Er kannte Peyton noch aus dessen Zeit als Geldeintreiber für Miller. Damals verdiente er sich seinen Spitznamen, Pain Peyton. Seine brutale Vorgehensweise sorgte schnell dafür, dass niemand Miller Geld schuldig blieb. Es brachte Peyton aber auch eine sechsjährige Haftstrafe ein. Seine frühzeitige Entlassung nach knapp drei Jahren verdankte er Miller, für den er angeblich lukrative Geschäfte mit den anderen Gefangenen eingefädelt hatte. Unmittelbar nach seiner Freilassung übernahm Peyton Ross den Posten als Geschäftsführer der Bar Blue Dolphin, dem Hauptquartier von Miller.

»Ich sehe, was ich für dich arrangieren kann«, versprach er.

Ross beendete das Gespräch grußlos und verurteilte Darkin zu weiterem Abwarten. Er klemmte sich hinter seinen Schreibtisch und studierte gewohnheitsmäßig die aktuellen Einträge des Police Departement. Als Darkin den Namen eines Opfers las, stutzte er und fluchte dann.

Fünfzehn Minuten später jagte er mit seinem Camaro über den Korean Veterans Boulevard, um mit dem zuständigen Detective im Central Precinct zu sprechen. Doch Detective Havers war nicht im Büro. Also fuhr Darkin weiter nach German Town und parkte seinen Camaro nahe der Seitengasse, in der ein Koch die Leiche von Chuky entdeckt hatte.

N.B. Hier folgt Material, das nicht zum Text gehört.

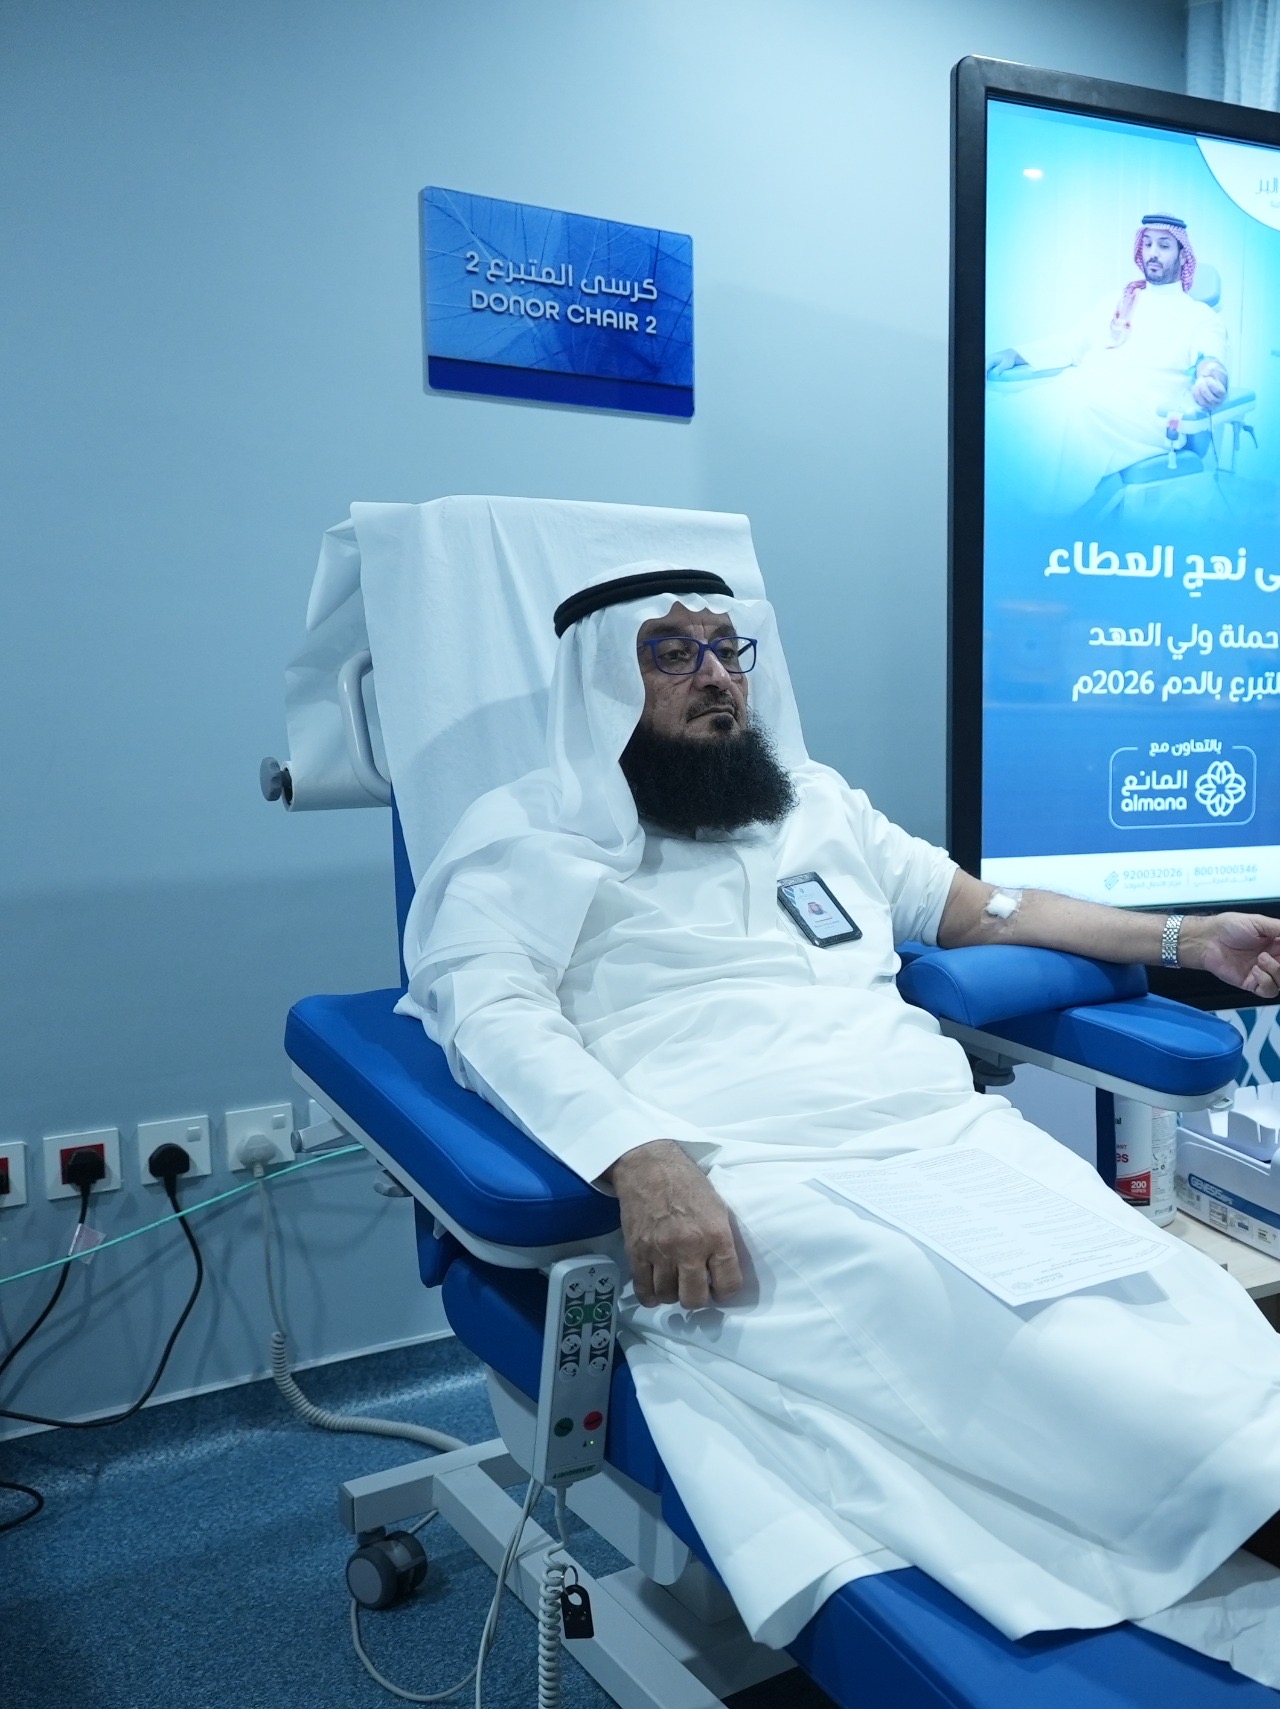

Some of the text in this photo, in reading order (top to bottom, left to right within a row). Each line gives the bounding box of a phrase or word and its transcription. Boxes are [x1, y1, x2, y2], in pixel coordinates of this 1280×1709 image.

[465, 251, 480, 273] 2
[486, 257, 573, 288] المتبرع
[471, 289, 657, 335] DONOR CHAIR 2
[1044, 541, 1174, 578] العطاء
[1089, 622, 1279, 660] حملة ولي العهد
[1162, 671, 1223, 702] بالدم
[1149, 739, 1222, 757] بالتعاون مع
[1121, 769, 1188, 796] المانع
[1121, 794, 1188, 812] almana
[1123, 868, 1183, 880] 920032026
[1131, 1181, 1147, 1189] 200

Er war ein harmloser Informant gewesen, und doch schien seine Hilfe bei der Vorbereitung des zuletzt fehlgeschlagenen Zugriffs den Gangstern zu Ohren gekommen zu sein. Jedenfalls sah Darkin hier das Motiv für den brutalen Mord an Chuky. Er betrat die Gasse und suchte den Tatort.

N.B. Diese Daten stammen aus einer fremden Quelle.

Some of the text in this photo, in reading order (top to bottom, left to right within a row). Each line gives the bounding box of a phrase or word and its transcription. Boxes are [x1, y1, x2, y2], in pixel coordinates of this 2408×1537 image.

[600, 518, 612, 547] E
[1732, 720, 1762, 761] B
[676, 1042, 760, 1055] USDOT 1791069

»Du bist genauso ein Opfer dieses verdammten Verräters«, murmelte er.

Auf dem verdreckten Asphalt konnte Darkin immer noch die Markierungen der Kriminaltechniker erkennen. Viel gaben sie nicht her. Offenbar hatte Chuky die Mülltonnen des Restaurants regelmäßig als private Vorratskammer angesehen. Jemand, der diese Gewohnheit sehr gut kannte, hatte es den Killern gesagt.

»Einer lenkt dich ab, damit sein Komplize sich von hinten anschleichen kann. Sie haben dir nicht die geringste Chance gelassen«, rekapitulierte Darkin.

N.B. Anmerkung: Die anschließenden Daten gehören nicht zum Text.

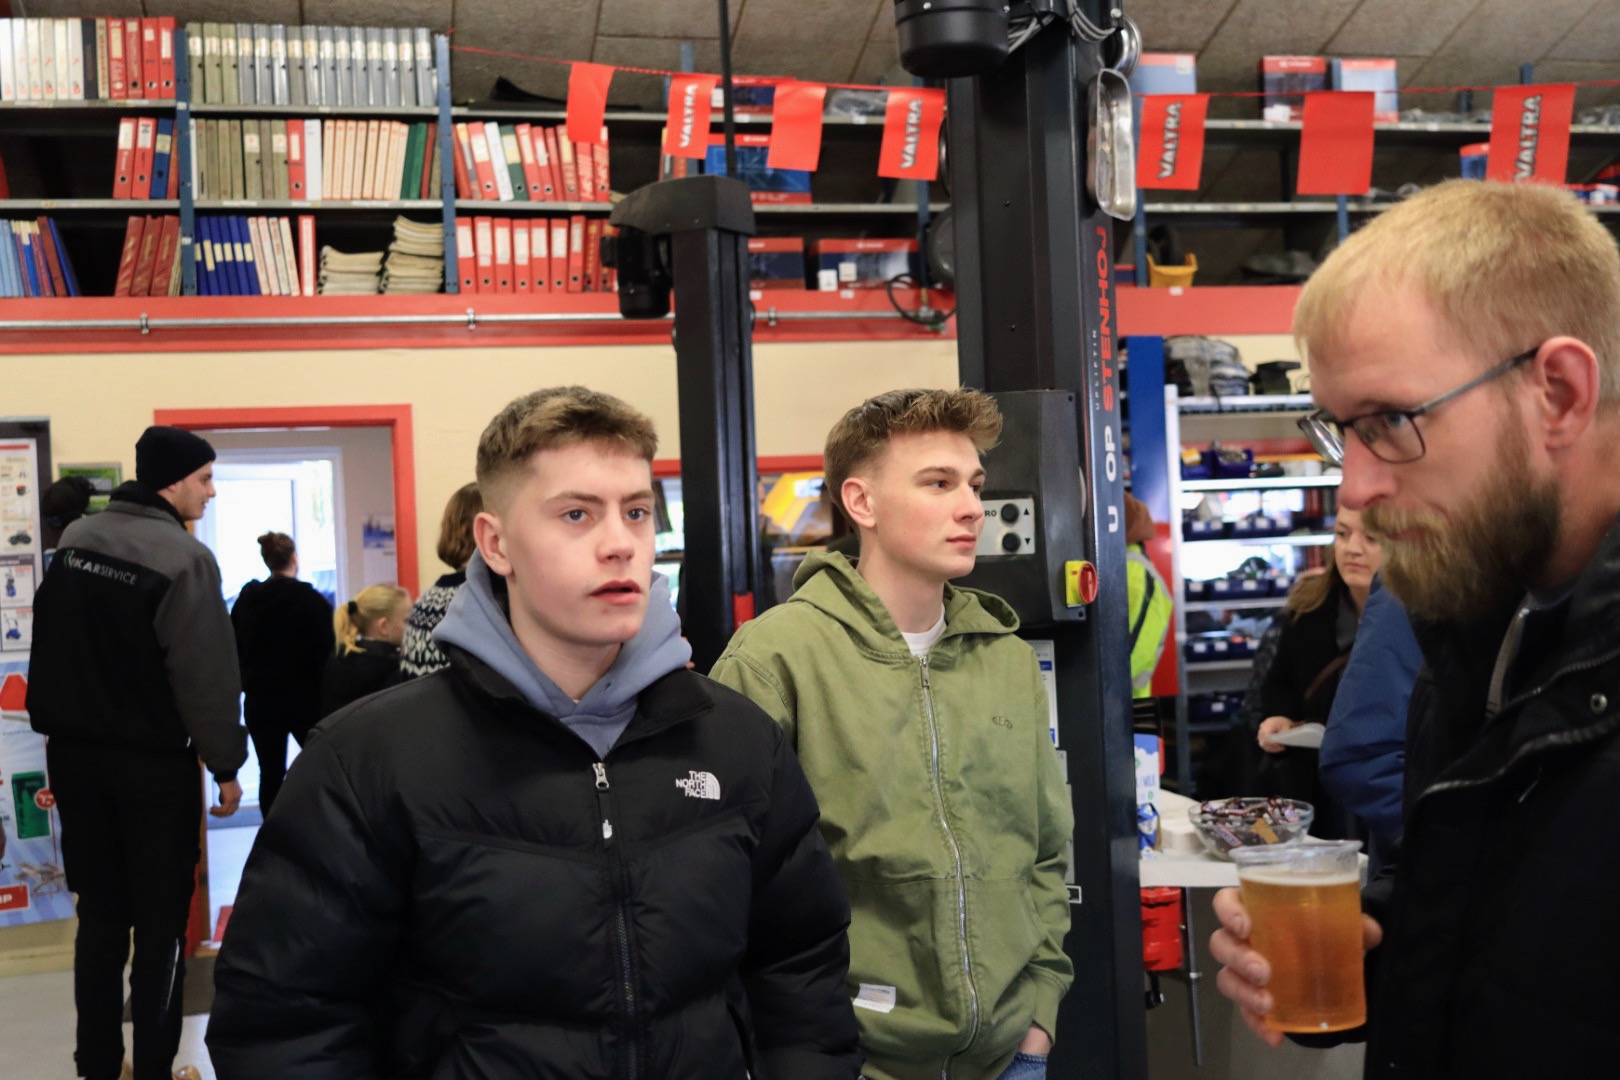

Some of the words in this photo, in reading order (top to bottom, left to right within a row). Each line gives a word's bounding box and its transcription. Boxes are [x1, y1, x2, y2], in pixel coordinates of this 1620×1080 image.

[679, 83, 699, 148] VALTRA
[900, 98, 923, 170] VALTRA
[1157, 102, 1183, 179] VALTRA
[1512, 94, 1543, 180] VALTRA
[675, 778, 706, 789] NORTH
[685, 788, 706, 798] FACE
[689, 770, 706, 780] THE

Dieser Ablauf erklärte die Spuren, und der Mord war ein deutliches Zeichen an alle anderen Informanten. Darkin lehnte sich nachdenklich an die hintere Mülltonne und verfiel ins Grübeln. Zum Glück waren seine Sinne seit der Zeit als verdeckter Ermittler extrem geschärft, sodass ihm die beiden Gestalten noch rechtzeitig auffielen.

»Mach keinen Stress, Alter. Wir wollen deine Brieftasche, Uhr und Mobiltelefon. Her damit!«, befahl der Hagere.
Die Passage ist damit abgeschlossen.